DATASET: Begin
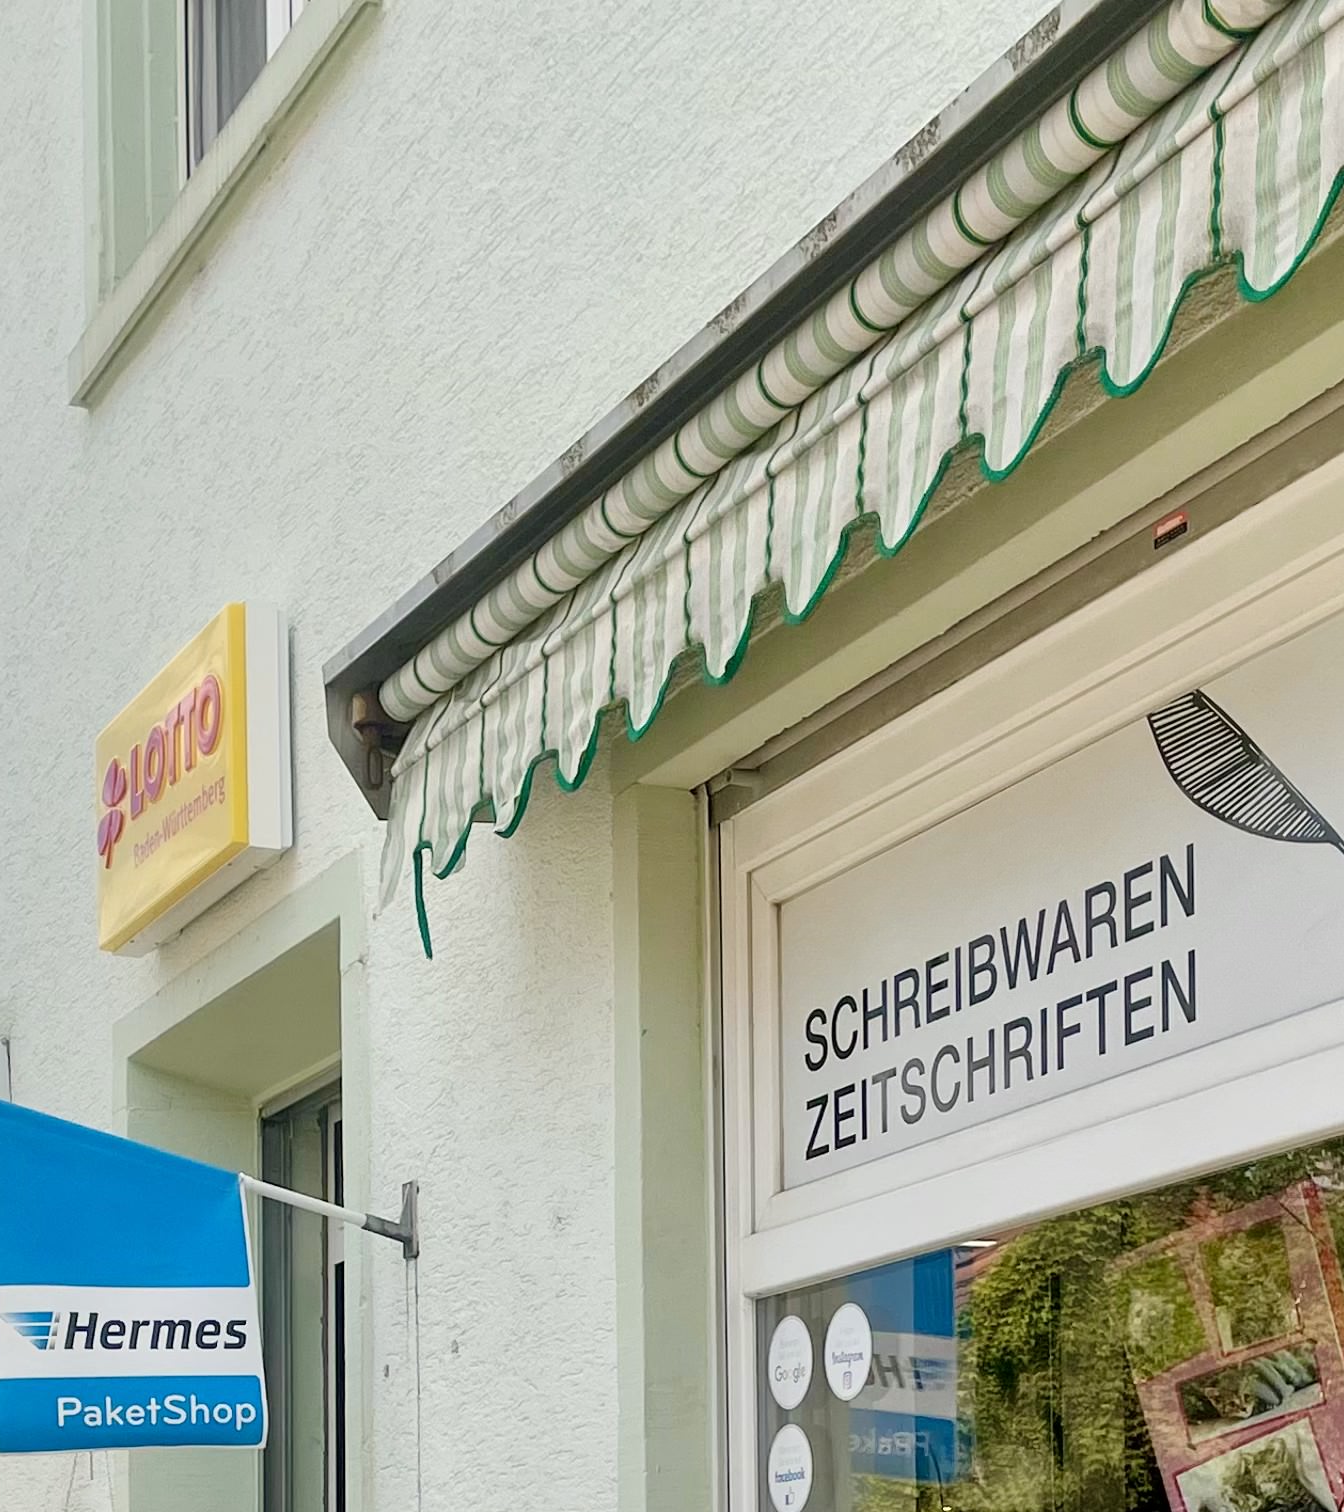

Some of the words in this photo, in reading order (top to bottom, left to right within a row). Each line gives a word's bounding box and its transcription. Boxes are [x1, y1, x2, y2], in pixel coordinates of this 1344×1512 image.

[130, 674, 222, 821] LOTTO
[134, 776, 226, 868] Baden-Württemberg
[804, 842, 1196, 1073] SCHREIBWAREN
[806, 949, 1197, 1161] ZEITSCHRIFTEN
[64, 1312, 247, 1351] Hermes
[57, 1394, 257, 1430] PaketShop
[774, 1467, 806, 1483] facebook
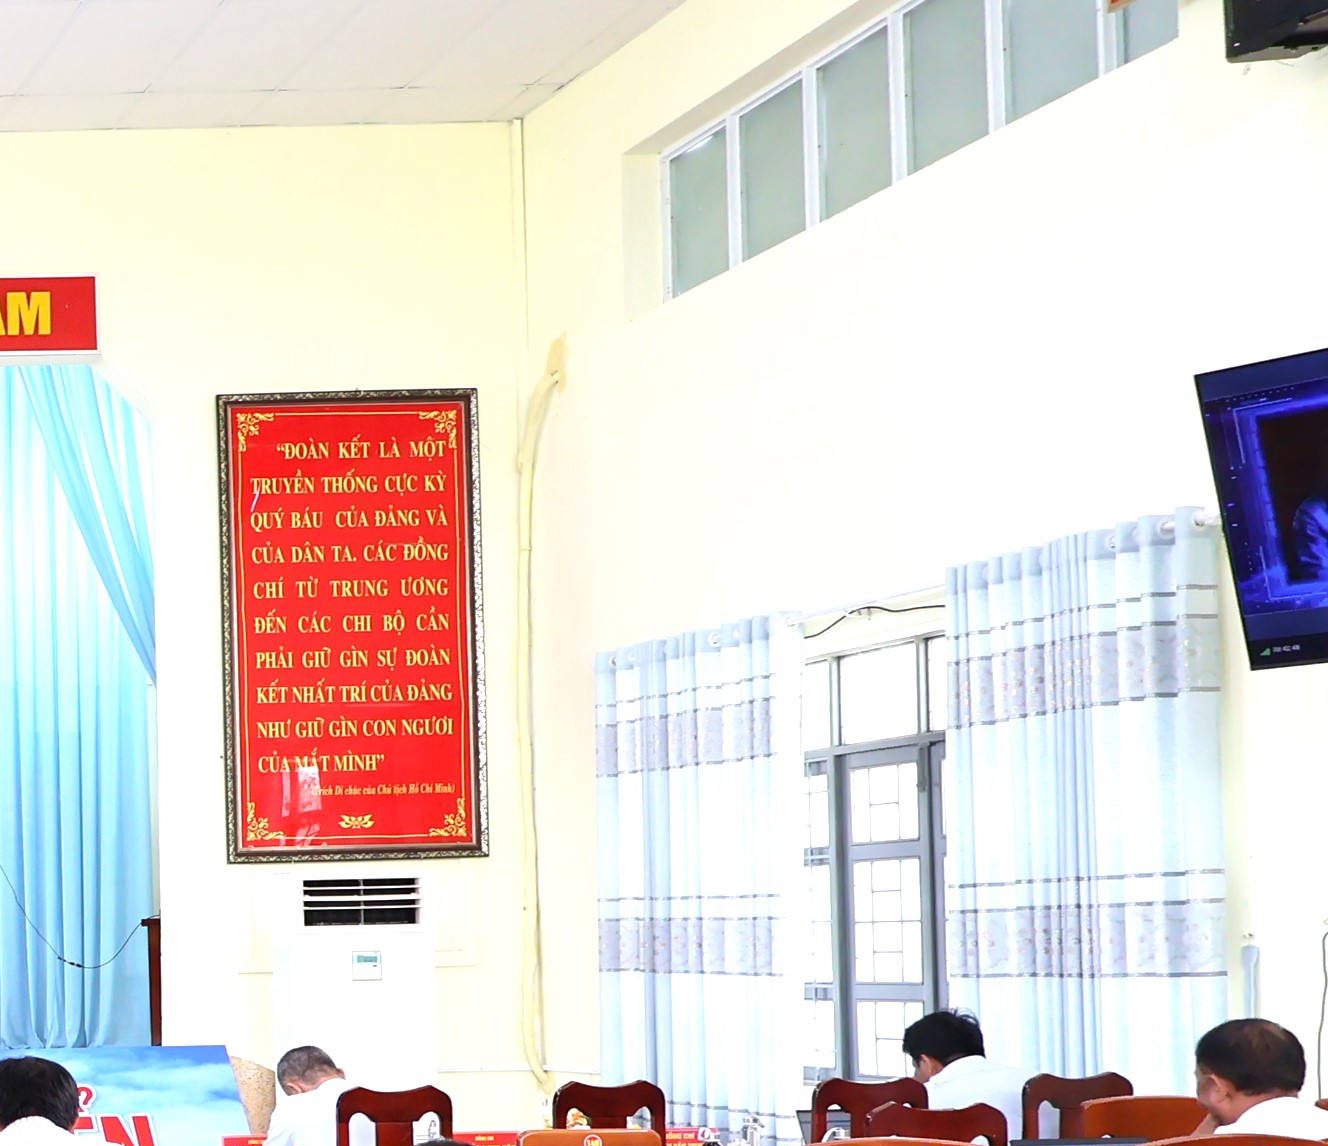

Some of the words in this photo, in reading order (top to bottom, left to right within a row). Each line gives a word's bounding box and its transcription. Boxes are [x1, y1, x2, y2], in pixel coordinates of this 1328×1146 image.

[277, 438, 329, 459] “ĐOÀN
[339, 434, 370, 458] KẾT
[379, 437, 400, 458] LÀ
[409, 436, 445, 461] MỘT
[250, 469, 314, 494] TRUYỀN
[321, 469, 378, 493] THỐNG
[385, 473, 418, 496] CỰC
[425, 470, 447, 491] KỲ
[250, 507, 284, 532] QUÝ
[291, 507, 323, 528] BÁU
[336, 506, 369, 527] CỦA
[375, 505, 419, 526] ĐẢNG
[426, 505, 448, 525] VÀ
[252, 542, 285, 564] CỦA
[292, 542, 325, 562] DÂN
[331, 546, 356, 561] TA.
[364, 540, 397, 561] CÁC
[403, 536, 448, 561] ĐỒNG
[253, 577, 284, 599] CHÍ
[296, 576, 318, 597] TỪ
[330, 580, 388, 597] TRUNG
[401, 577, 448, 596] ƯƠNG
[254, 609, 286, 633] ĐẾN
[298, 612, 331, 633] CÁC
[343, 615, 371, 632] CHI
[383, 610, 405, 635] BỘ
[417, 606, 449, 631] CẦN
[256, 646, 293, 668] PHẢI
[302, 647, 331, 667] GIỮ
[340, 646, 368, 667] GÌN
[377, 648, 397, 670] SỰ
[406, 645, 450, 666] ĐOÀN
[257, 679, 288, 703] KẾT
[292, 678, 335, 703] NHẤT
[339, 681, 366, 702] TRÍ
[370, 680, 403, 702] CỦA
[407, 679, 452, 701] ĐẢNG
[257, 719, 291, 738] NHƯ
[296, 717, 325, 737] GIỮ
[329, 716, 358, 737] GÌN
[363, 718, 397, 736] CON
[402, 716, 453, 735] NGƯƠI
[258, 751, 290, 772] CỦA
[295, 747, 330, 772] MẮT
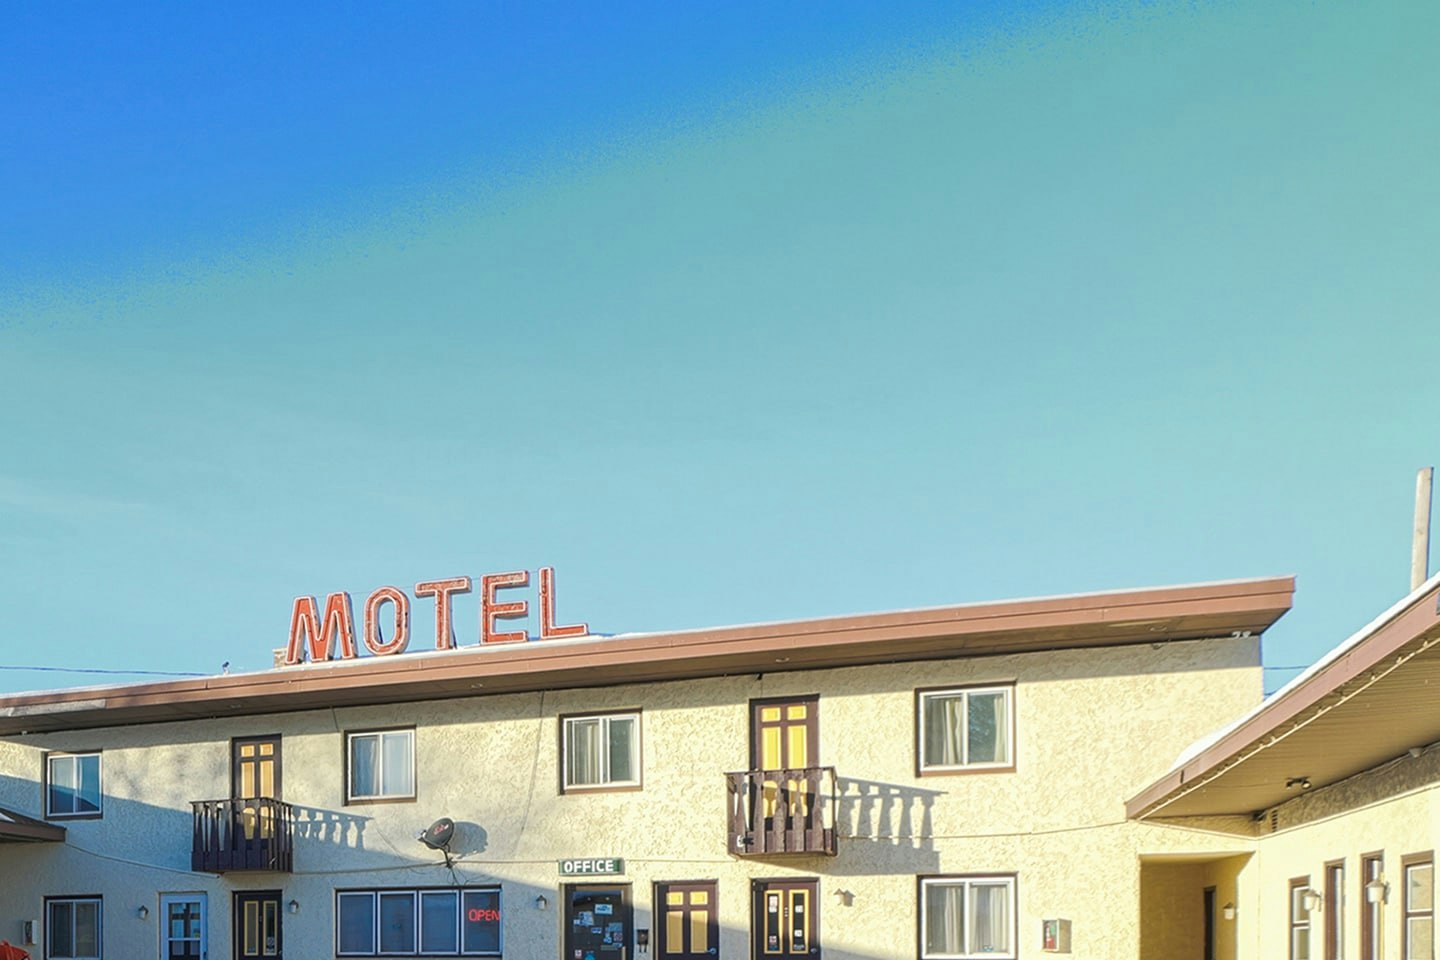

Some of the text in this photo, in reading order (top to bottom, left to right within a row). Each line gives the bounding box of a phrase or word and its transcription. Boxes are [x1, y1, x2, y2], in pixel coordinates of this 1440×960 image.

[285, 567, 588, 664] MOTEL
[564, 859, 614, 873] OFFICE
[468, 908, 501, 922] OPEN
DATASET: End
## EXERCISE GOAL
Except for the pictures, print the data above exactly.

## SOLUTION TO THIS EXERCISE
Some of the words in this photo, in reading order (top to bottom, left to right within a row). Each line gives a word's bounding box and its transcription. Boxes are [x1, y1, x2, y2], in pixel coordinates of this 1344×1512 image.

[130, 674, 222, 821] LOTTO
[134, 776, 226, 868] Baden-Württemberg
[804, 842, 1196, 1073] SCHREIBWAREN
[806, 949, 1197, 1161] ZEITSCHRIFTEN
[64, 1312, 247, 1351] Hermes
[57, 1394, 257, 1430] PaketShop
[774, 1467, 806, 1483] facebook

Some of the words in this photo, in reading order (top to bottom, left to right within a row). Each line gives a word's bounding box and its transcription. Boxes are [x1, y1, x2, y2], in pixel coordinates of this 1328×1146 image.

[277, 438, 329, 459] “ĐOÀN
[339, 434, 370, 458] KẾT
[379, 437, 400, 458] LÀ
[409, 436, 445, 461] MỘT
[250, 469, 314, 494] TRUYỀN
[321, 469, 378, 493] THỐNG
[385, 473, 418, 496] CỰC
[425, 470, 447, 491] KỲ
[250, 507, 284, 532] QUÝ
[291, 507, 323, 528] BÁU
[336, 506, 369, 527] CỦA
[375, 505, 419, 526] ĐẢNG
[426, 505, 448, 525] VÀ
[252, 542, 285, 564] CỦA
[292, 542, 325, 562] DÂN
[331, 546, 356, 561] TA.
[364, 540, 397, 561] CÁC
[403, 536, 448, 561] ĐỒNG
[253, 577, 284, 599] CHÍ
[296, 576, 318, 597] TỪ
[330, 580, 388, 597] TRUNG
[401, 577, 448, 596] ƯƠNG
[254, 609, 286, 633] ĐẾN
[298, 612, 331, 633] CÁC
[343, 615, 371, 632] CHI
[383, 610, 405, 635] BỘ
[417, 606, 449, 631] CẦN
[256, 646, 293, 668] PHẢI
[302, 647, 331, 667] GIỮ
[340, 646, 368, 667] GÌN
[377, 648, 397, 670] SỰ
[406, 645, 450, 666] ĐOÀN
[257, 679, 288, 703] KẾT
[292, 678, 335, 703] NHẤT
[339, 681, 366, 702] TRÍ
[370, 680, 403, 702] CỦA
[407, 679, 452, 701] ĐẢNG
[257, 719, 291, 738] NHƯ
[296, 717, 325, 737] GIỮ
[329, 716, 358, 737] GÌN
[363, 718, 397, 736] CON
[402, 716, 453, 735] NGƯƠI
[258, 751, 290, 772] CỦA
[295, 747, 330, 772] MẮT

Some of the text in this photo, in reading order (top to bottom, left to right within a row). Each line gives the bounding box of a phrase or word and its transcription. Boxes are [x1, y1, x2, y2], in pixel coordinates of this 1440×960 image.

[285, 567, 588, 664] MOTEL
[564, 859, 614, 873] OFFICE
[468, 908, 501, 922] OPEN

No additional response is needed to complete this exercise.